How It Works: You have paid over sixty dollars for tickets, popcorn and drinks to take your wife and two kids to the movie. You are enjoying the movie, when the screen light of a phone flashes on a couple of rows in front of you. You can’t believe how crude and rude some people are, but you don’t sweat it since you activated Movie Zapper on your phone prior to the start of the movie. When a cell phone screen lights up anywhere in the theater, Movie Zapper sends an electronic signal to the offending device and its screen immediately goes black. The only down side is the muffled obscenities of the foiled user as he/she stuffs the device angrily back into their pocket or purse. There are few things sweeter than knowing you just Zapped some jerk using a cell phone in a movie theater. Movie Zapper is the best friend a movie goer can have! It works in the background on your electronic device as a light sensor. It screens the theater for electronic devices with lighted screens. When a device screen anywhere in the theater lights up and some inconsiderate slob begins texting or checking email during the movie, Movie Zapper plunges their device into blackness.   Another caveat is that the person you Zapped will never know who Zapped him unless you are unable to keep a straight face. Another great use for Movie Zapper is that it can also be used during business meetings or social gatherings where you want people to pay attention to people rather than the electronic device in their hands.

  1. Readlock:

Problem: Children and teens would rather play on their iPhone, android or tablet than read. What can parents do to promote reading?

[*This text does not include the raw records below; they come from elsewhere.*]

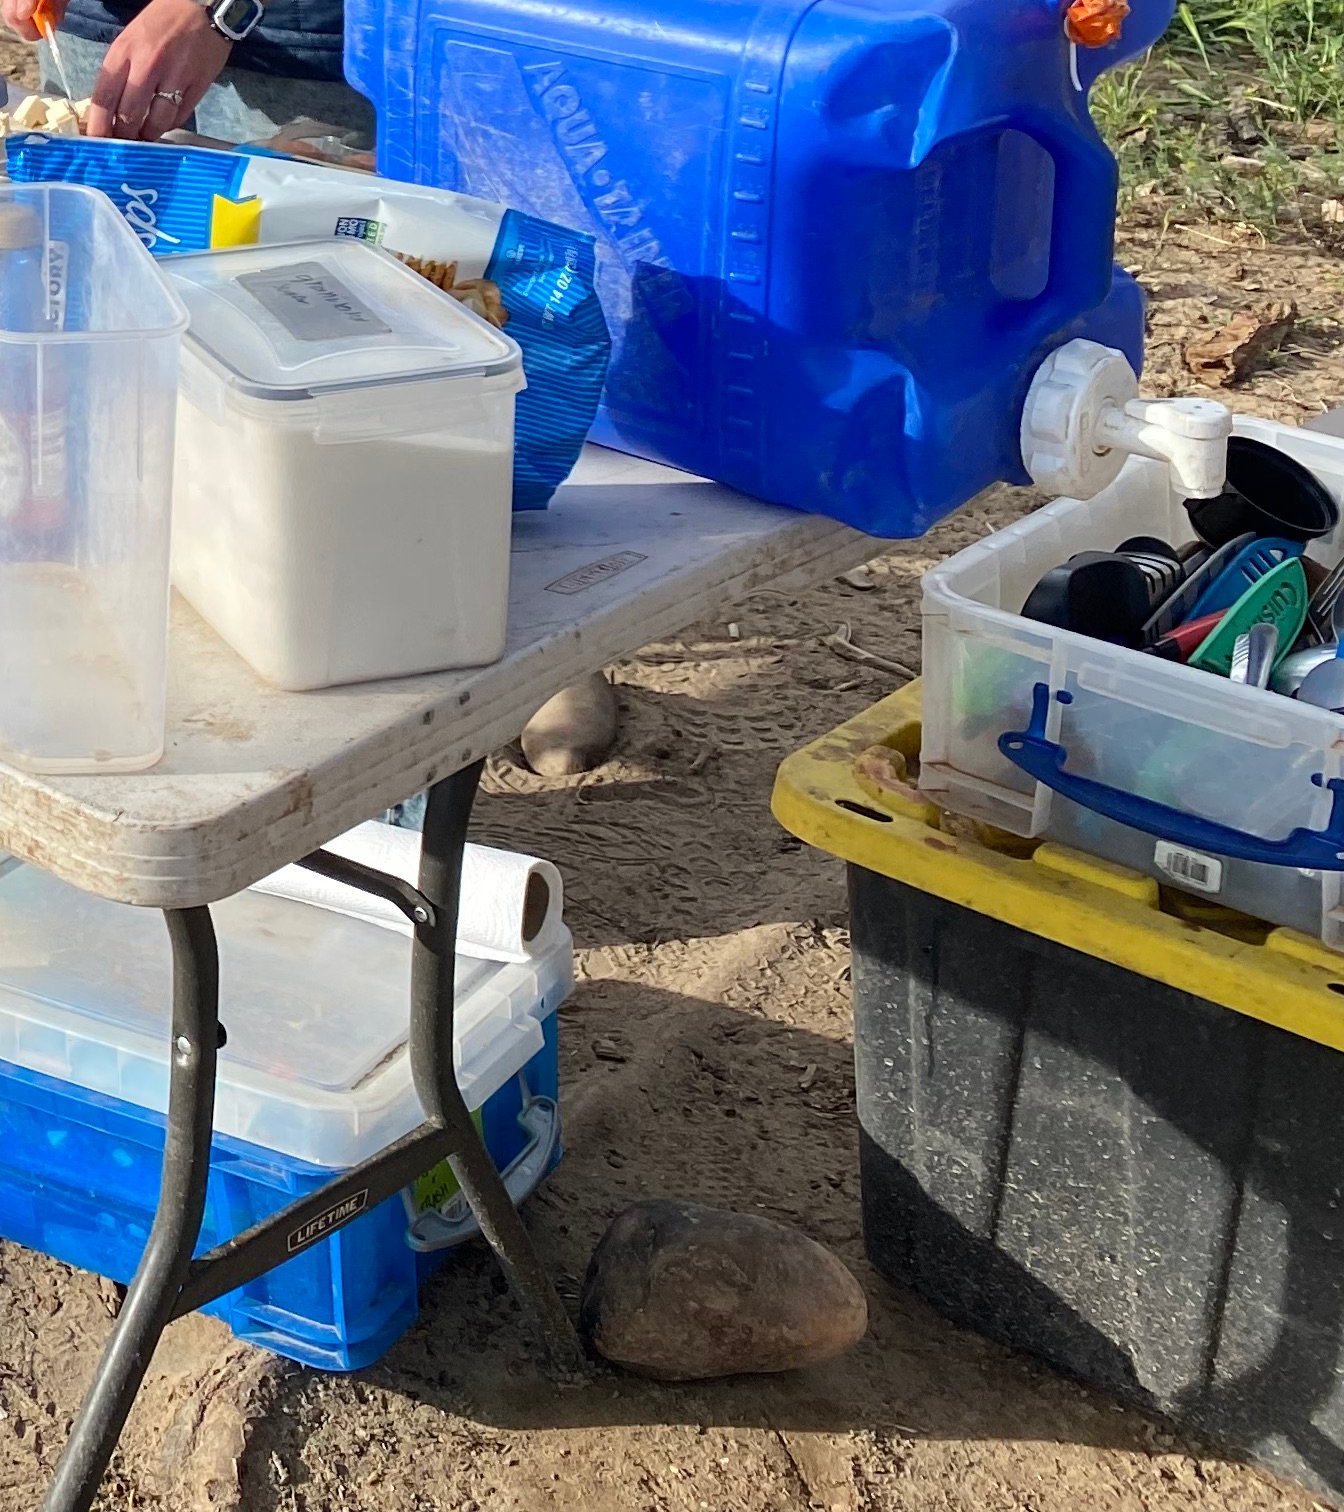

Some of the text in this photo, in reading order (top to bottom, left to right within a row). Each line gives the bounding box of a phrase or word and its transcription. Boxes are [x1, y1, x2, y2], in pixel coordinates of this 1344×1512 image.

[549, 289, 564, 305] 14
[556, 272, 572, 291] OZ
[1254, 582, 1297, 625] Cuis
[296, 1197, 359, 1244] LIFETIME
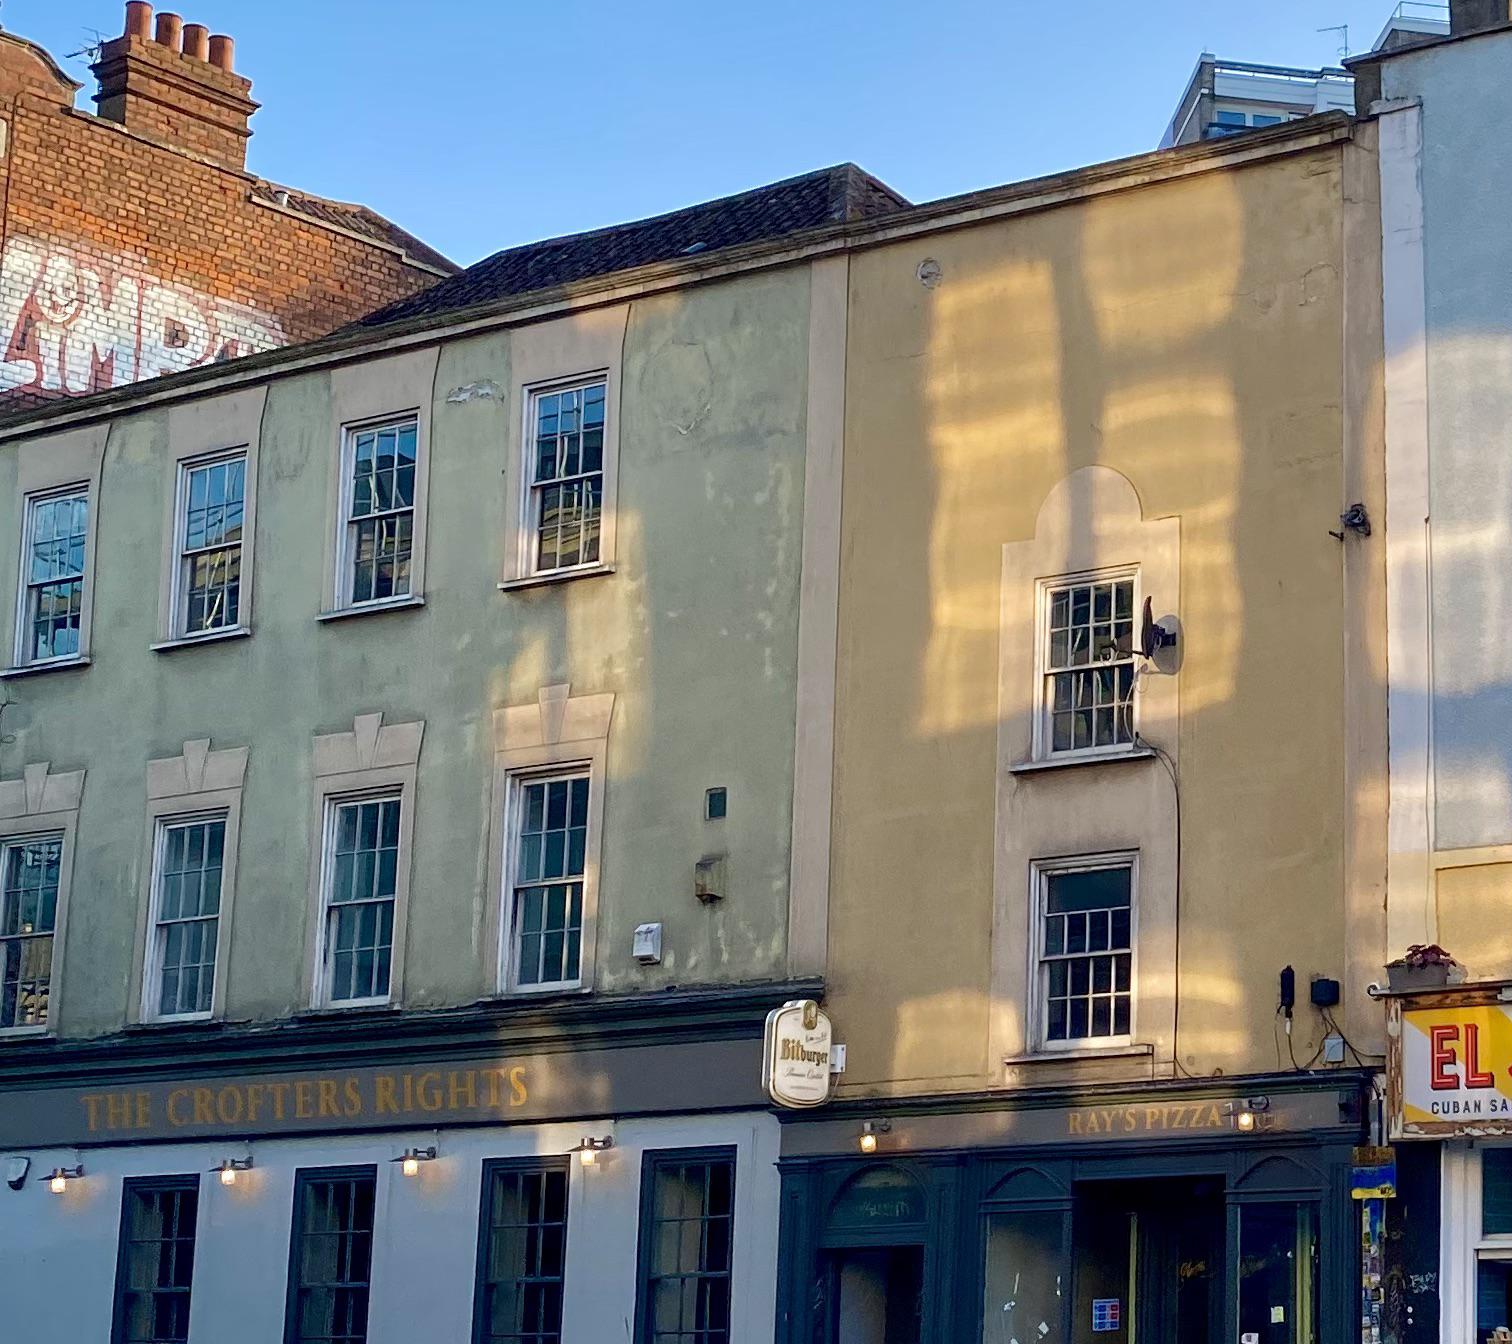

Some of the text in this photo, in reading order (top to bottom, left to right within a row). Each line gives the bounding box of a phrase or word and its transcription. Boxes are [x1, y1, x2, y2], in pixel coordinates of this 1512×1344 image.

[780, 1038, 828, 1066] Bitburger
[1430, 1023, 1494, 1090] EL
[80, 1066, 528, 1131] THE CROFTERS RIGHTS
[1431, 1099, 1481, 1115] CUBAN
[1068, 1108, 1136, 1134] RAY'S
[1145, 1103, 1223, 1130] PIZZA

Solution: The answer is Readlock! The app would deny access to all device functions until the user unlocks it by reading for a designated time period into the device’s built in microphone, to the parent or in silent mode for a designated period of time. The designated reading time is set by the parents.

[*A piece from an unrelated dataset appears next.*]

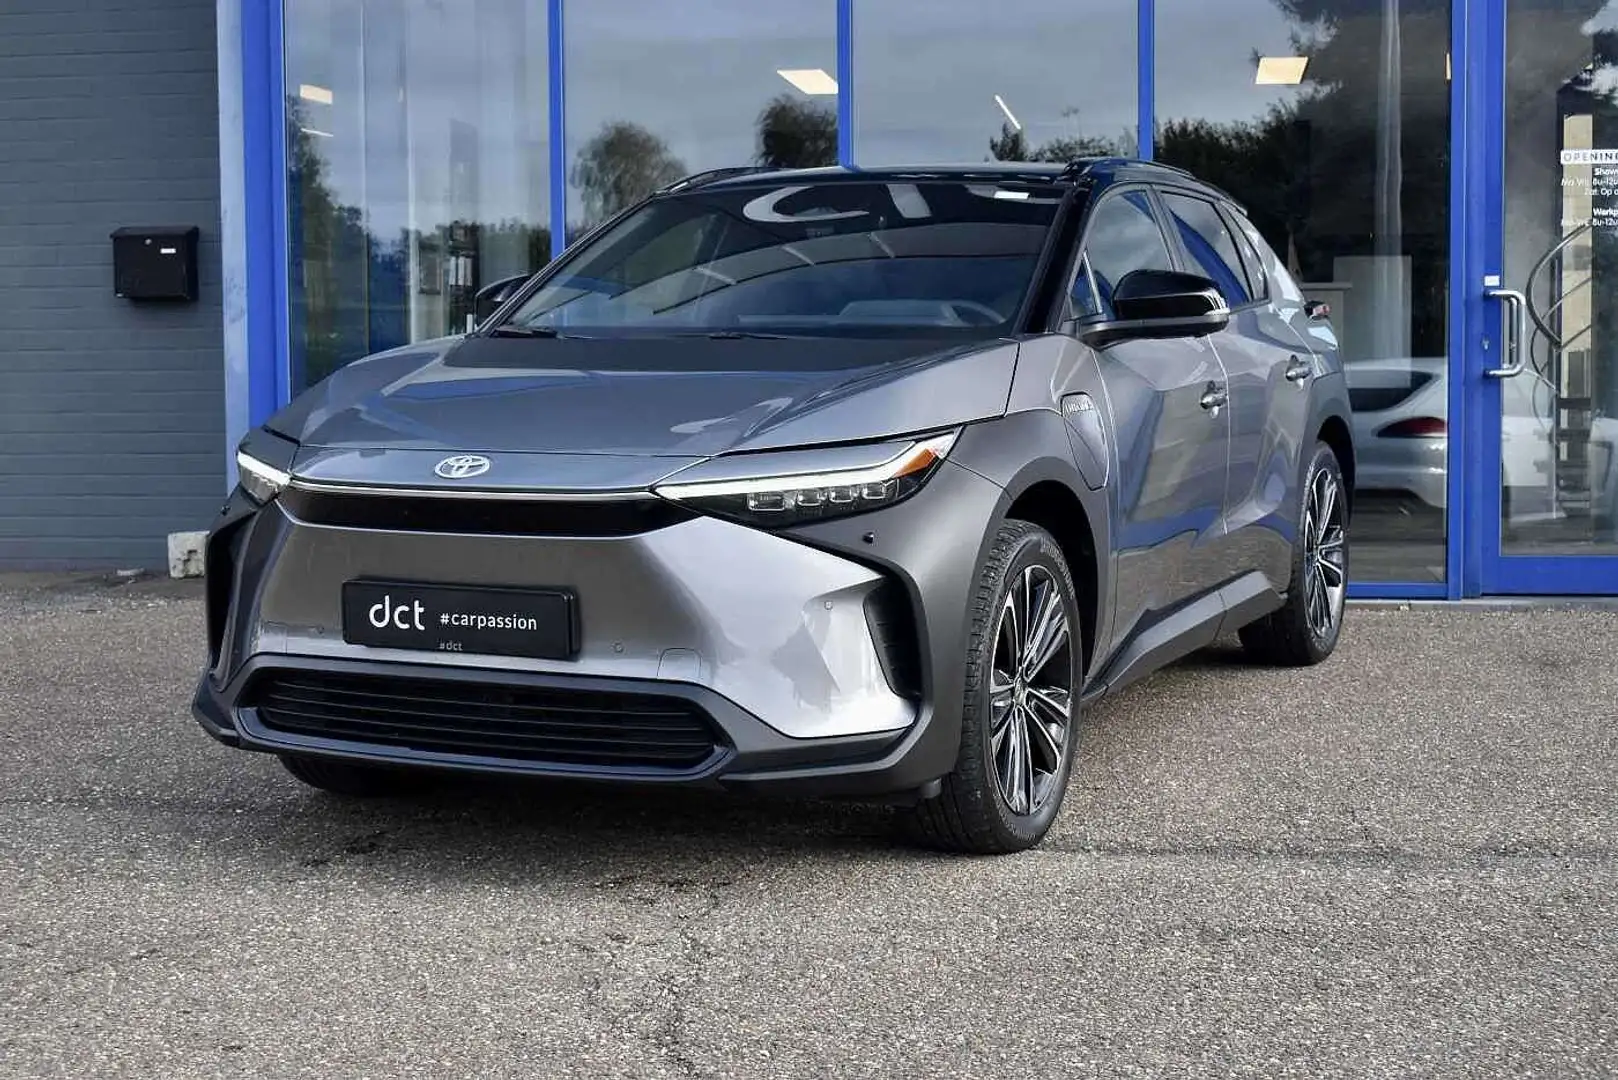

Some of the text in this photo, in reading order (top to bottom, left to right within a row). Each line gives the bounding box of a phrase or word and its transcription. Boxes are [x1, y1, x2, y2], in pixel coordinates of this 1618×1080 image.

[1600, 188, 1613, 198] Op
[368, 594, 538, 631] dct #carpassion

How It Works: Readlock is parent activated. When parents activate Readlock on their child’s electronic device, the child cannot gain access to the device until the child reads to the device for a certain amount of time. The reading time required to unlock the device is set by the parents at intervals of 20 minutes, 30 minutes, 45 minutes, and one hour. To gain access to the device, the child must read into the device’s built in microphone for the number of minutes set by the parents. What the child reads is up to the child – books, poems, magazines, etc. Once the required reading time is met, the device will allow access to all its functions. The app uses voice recognition, so there is little chance anyone except the child or the child’s parents can unlock the device. The voice recognition feature will also effectively prevent the child from trying to circumvent the process by laying the device in front of a television or radio. If parents want their children to read more, Readlock is the answer. It is a simple premise – No read, No device! Of course, parents could always take old fashion measures and take electronic devices away from their children until they read, do their homework, do their chores or join in a family conversation, but for too many parents that would require an additional app called Parentballs that is still under development and not yet ready for mainstream America.

These seven practical apps would definitely make a positive difference in our lives.  I believe the market is wide open for such practical applications of technology.  I, for one, would be first in line to purchase each and every one of these apps. Now, if I could find a BS Detector app for politicians; oh, I’m sorry, there is one – when they open their mouths.